View metrics

Kalix projects have this dashboard built-in as part of the Control Tower in the Kalix Console. This is available out-of-the-box. You can see metrics such as "requests per second", "replicas" of a service, or "commands received" by a component. The data is grouped into seven categories: Services, Event Sourced Entities, Value Entities, Actions, Views, Workflows, and Subscriptions. This is an example of a section within the dashboard.

dashboard control tower metrics screenshot

There are two filters located at the top of the dashboard that allow filtering by service or endpoint. dashboard control tower metrics filters screenshot

When filtering by "Service" you are left with only the selected service(s) in the Service and component sections. On top of that, the second filter is reloaded with only the "Endpoints/Methods" belonging to the selected service(s).

"Endpoints/Methods" refers to one thing viewed from different perspectives. An endpoint is created by defining a method inside your service. With a Kalix protobuf service via an rcp description and with a Kalix Java service via @PostRequest, @PatchRequest or equivalent. The values in "Endpoints/Methods" filter come from the name of your protobuf definition or Java method. For example, the following class defines and endpoint with the method increaseBy:

public class ... {

  @PostMapping("/counter/{counter_id}/increase")
  public Effect<Number> increaseBy(@RequestBody Number increaseBy) {
    ...
  }
}

This creates an entry increaseBy in the filter Endpoint/Method.

Filtering by "Endpoint/Method" only affect the "Services" Category.

Categories

Services

Successful Requests: Rate of successful requests per second (reqs/s) over time, by endpoint. This is calculated with irate.

Failed Requests: Rate of requests (reqs/s) that raised an error when processing the request, over time, by endpoint. This is calculated with irate.

Processing time distribution(seconds): Number of requests grouped by processing duration, by endpoint. This duration only includes processing inside the Kalix service. This does not include the time between the client and the runtime from the request that generated the command, i.e. This does not include latency.

Example on how this gauge gets populated: A call that has a duration of 0.05 seconds will increase the counter of the bucket '0.05' and any other bucket with a greater duration.

Processing time distribution: Number of calls that fall into each processing time bucket over time, by endpoint i.e., a histogram of processing time, over time.

Instances: Number of running instances of the service.

Version: A single number, always increasing, shows the service incarnation number. E.g. for a service deployed three times, the value would be 3.

Data ops (read/writes): Total number of reads from the DB by any Kalix component of the service(s) and endpoint(s)/method(s) selected. Total number of writes by any Kalix component of the selected service(s) and endpoint(s)/method(s) selected.

Event Sourced Entities

Commands received: Rate of commands received per second over time.

Stored events: Total number of events stored per second, over time.

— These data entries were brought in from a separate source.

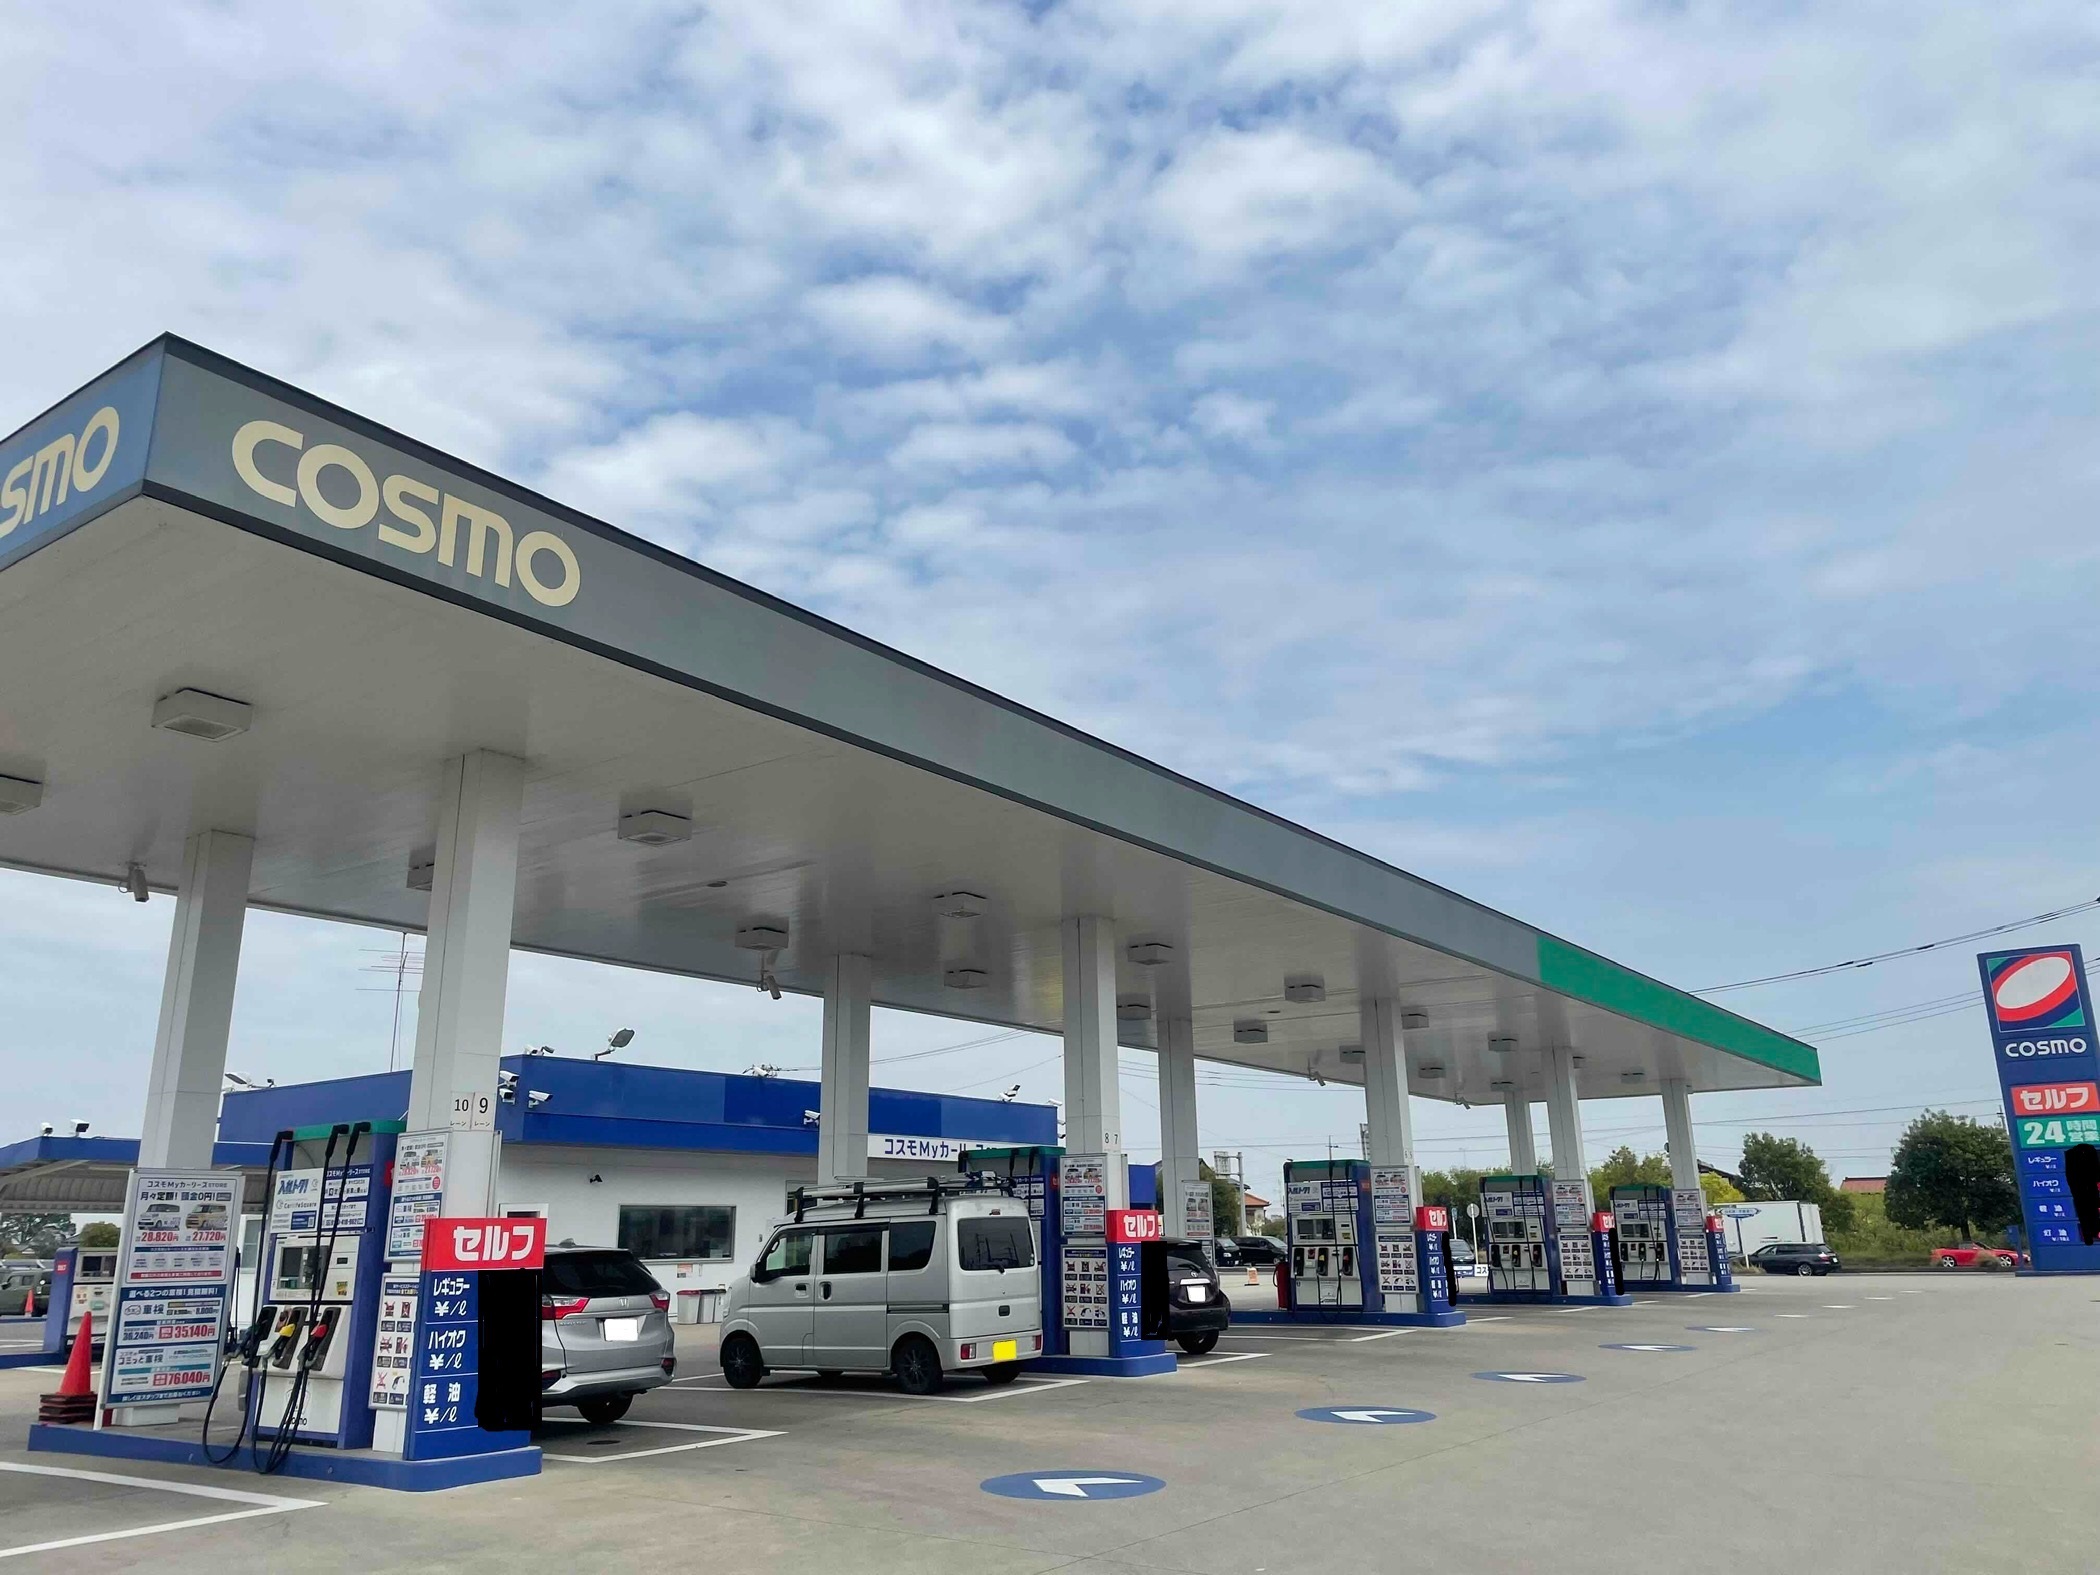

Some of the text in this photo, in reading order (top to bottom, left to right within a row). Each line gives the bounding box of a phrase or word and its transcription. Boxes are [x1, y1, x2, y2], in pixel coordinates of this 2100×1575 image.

[231, 420, 581, 607] COSMO
[2005, 1038, 2087, 1058] COSMO
[454, 1097, 488, 1114] 10 9
[2020, 1086, 2089, 1111] セルフ
[1104, 1132, 1119, 1145] 8 7
[2023, 1121, 2066, 1145] 24
[1123, 1214, 1156, 1238] セルフ
[453, 1225, 535, 1262] セルフ
[433, 1277, 471, 1296] レギュラー
[428, 1329, 467, 1350] ハイオク
[423, 1381, 461, 1405] 軽油

Data ops(reads/writes): Total number of reads when loading from the DB the latest snapshot and the events afterward. Total number of writes when persisting the events or the snapshots generated by the entity.

Processing time quantiles: Quantiles (50, 95 and 99) for the processing time of the commands. This duration only includes processing by the entity. This does not include the time between the client and the runtime from the request that generated this command, i.e. This does not include latency.

Value Entities

Commands received: Number of commands per second over time.

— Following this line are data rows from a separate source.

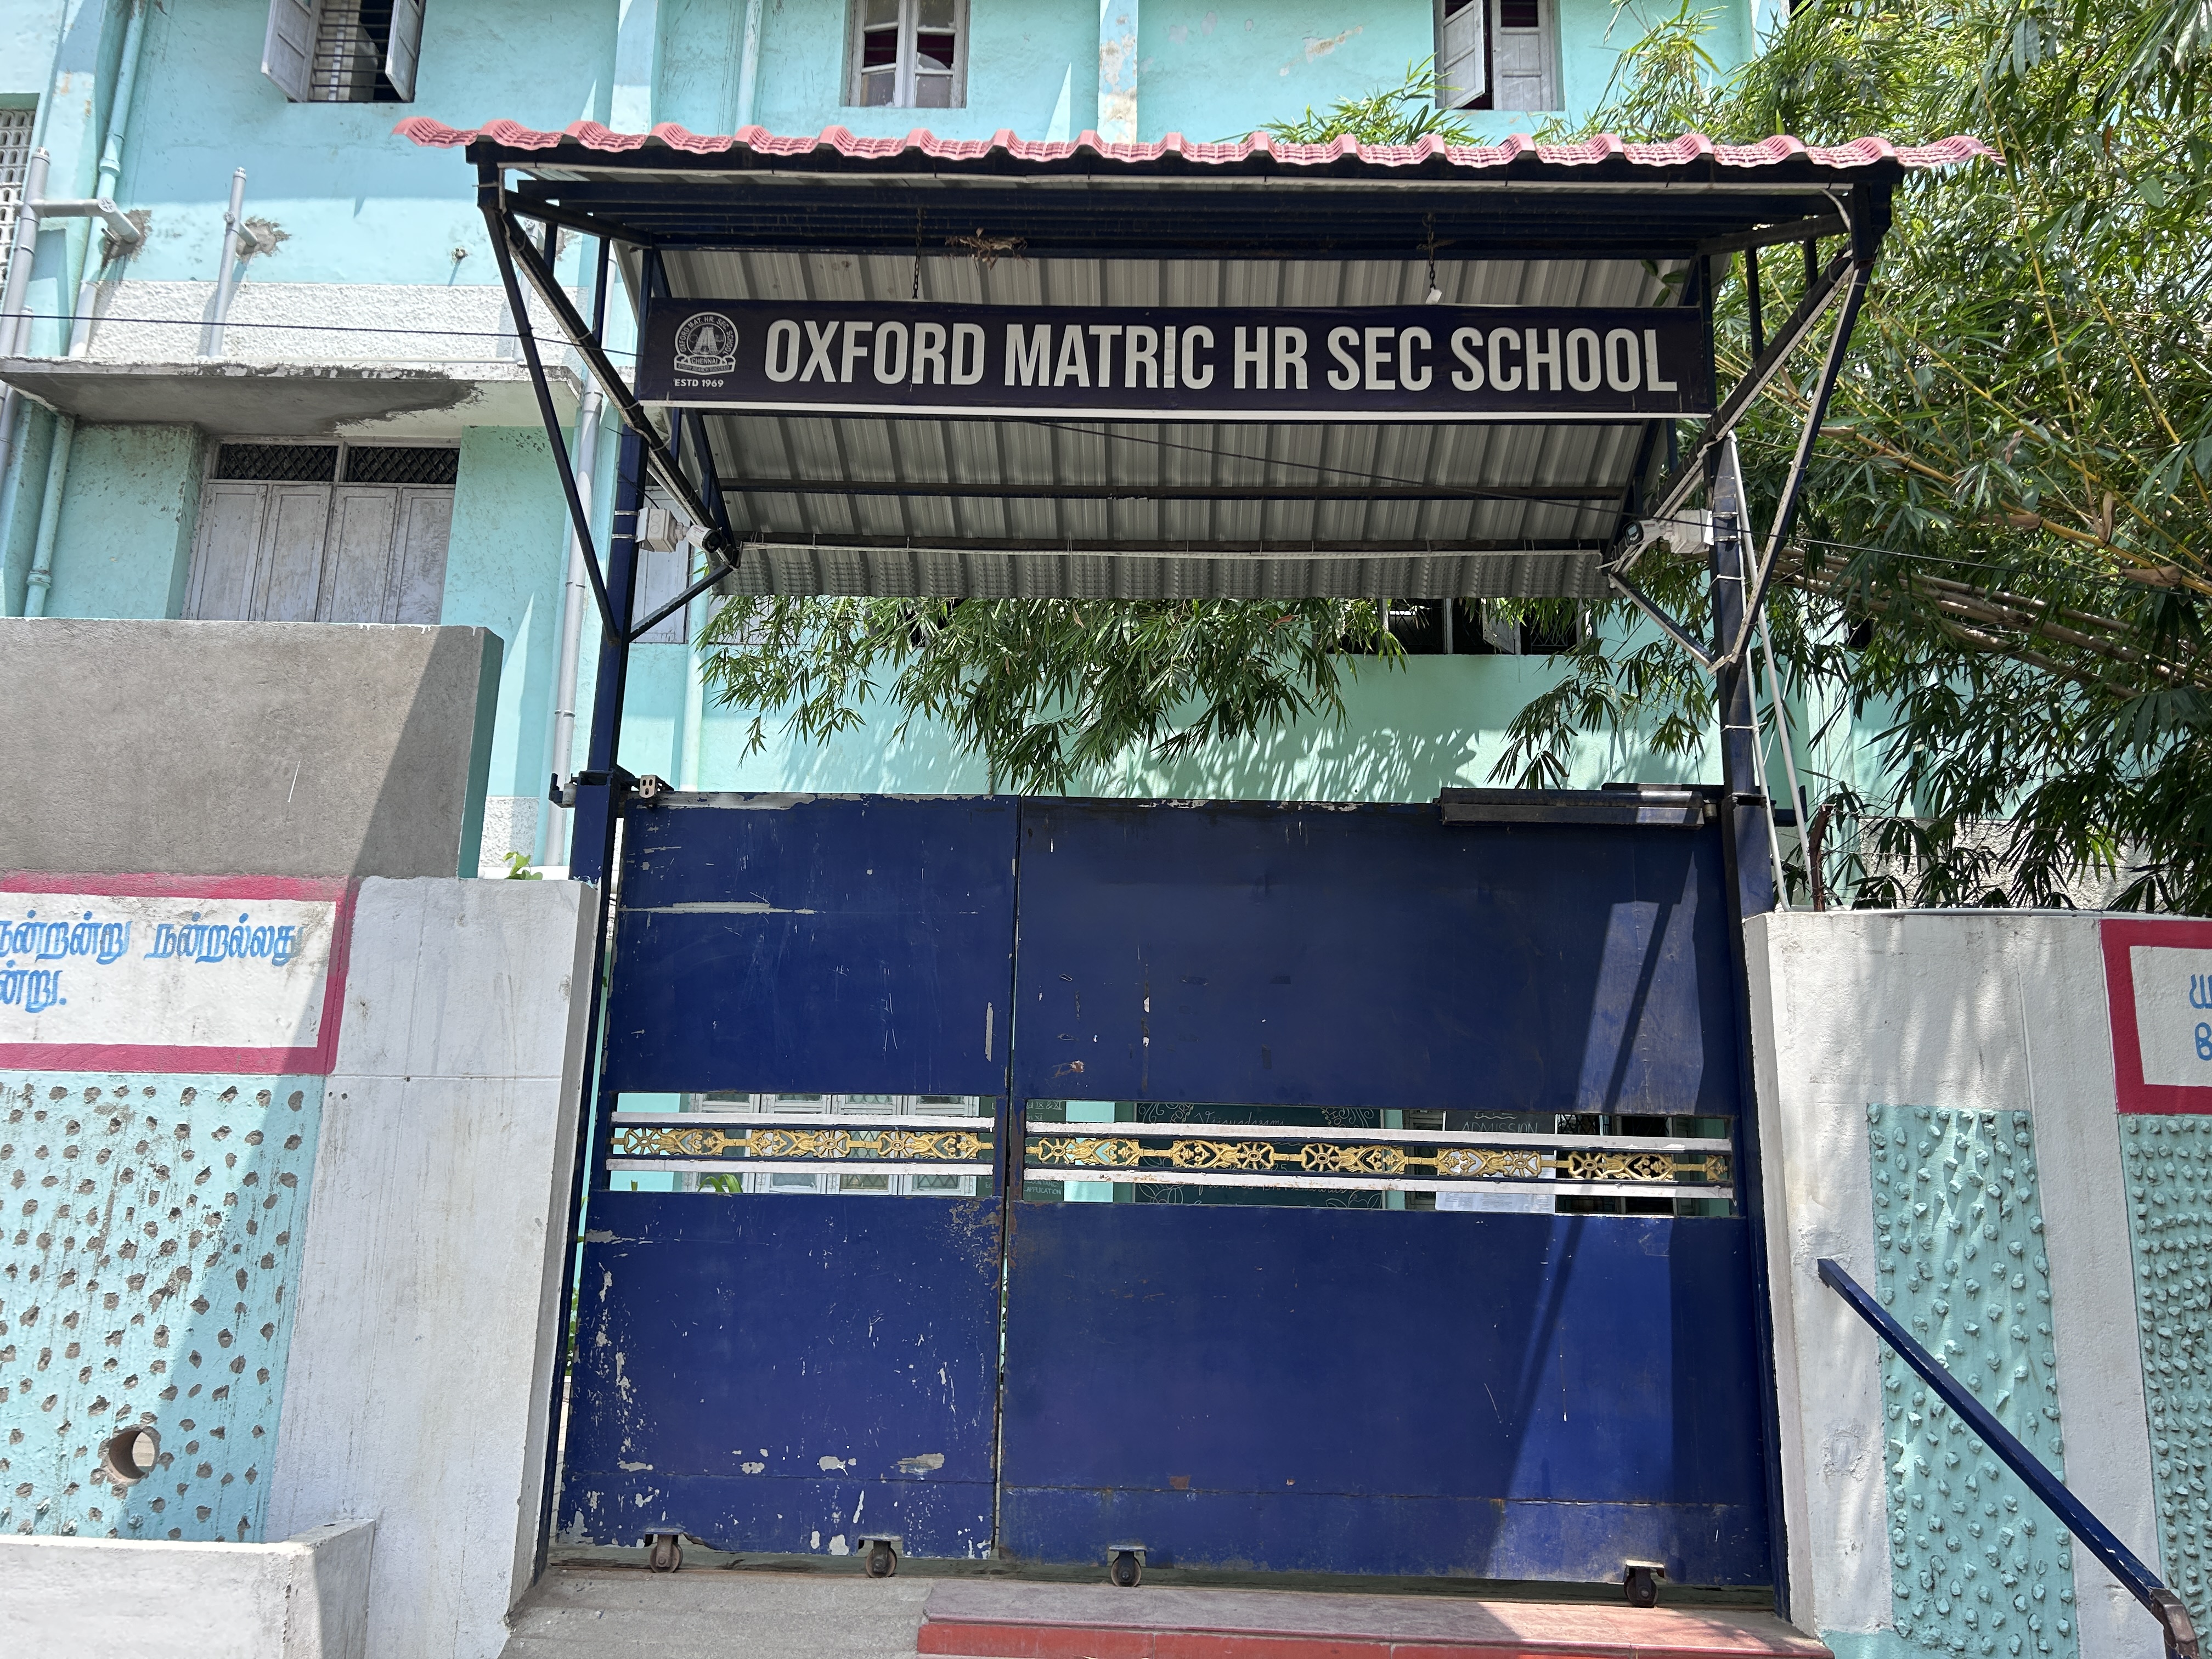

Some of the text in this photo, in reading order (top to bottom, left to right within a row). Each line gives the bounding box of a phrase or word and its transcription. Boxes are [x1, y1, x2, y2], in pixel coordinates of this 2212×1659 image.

[679, 327, 690, 352] OXFORD
[722, 330, 734, 355] SCHOOL
[765, 319, 1678, 392] OXFORD MATRIC HR SEC SCHOOL
[674, 378, 724, 388] ESTD 1969
[0, 960, 67, 1013] ன்று.
[1462, 1121, 1538, 1133] ADMISSION

Data ops(reads/writes): Total number of reads when loading its state from the DB.

Total number of writes when persisting its state in the DB. Processing time distribution(seconds): Idem.

Processing time quantiles: Quantiles (50, 95 and 99) for the processing time of the commands. This duration only includes processing by the entity. This does not include the time between the client and the runtime from the request that generated this command, i.e. This does not include latency.

Actions

Message received: Number of messages per second over time.

Processing time quantiles: Quantiles (50, 95 and 99) for the processing time of the messages. This duration only includes processing by the action. This does not include the time between the client and the runtime from the request that generated this message, i.e. This does not include latency.

Views

Data ops(reads/writes): Total number of reads when loading the rows of the view from DB. Total number of writes when upserting the rows of the view on DB.

Workflows

Commands received: Number of commands per second over time.

Data ops(reads/writes): Total number of reads when loading from the DB the latest snapshot and the events afterward. Total number of writes, by workflow, when persisting the events or the snapshots generated by the workflow.

Processing time quantiles: Quantiles (50, 95 and 99) for processing duration. This duration only includes processing inside the workflow. This does not include the time between the client and the runtime from the request that generated this command, i.e. This does not include latency.

Subscriptions

Events consumption lag: Quantiles (50, 95, and 95) over time of the consumption of the events produced by a subscription. It can be a subscription to an entity, or to a topic and therefore is grouped by entity or topic.

Instances: Number of running instances of the subscription.

Events consumed: The processing rate of events consumed by a subscription. This is calculated with irate.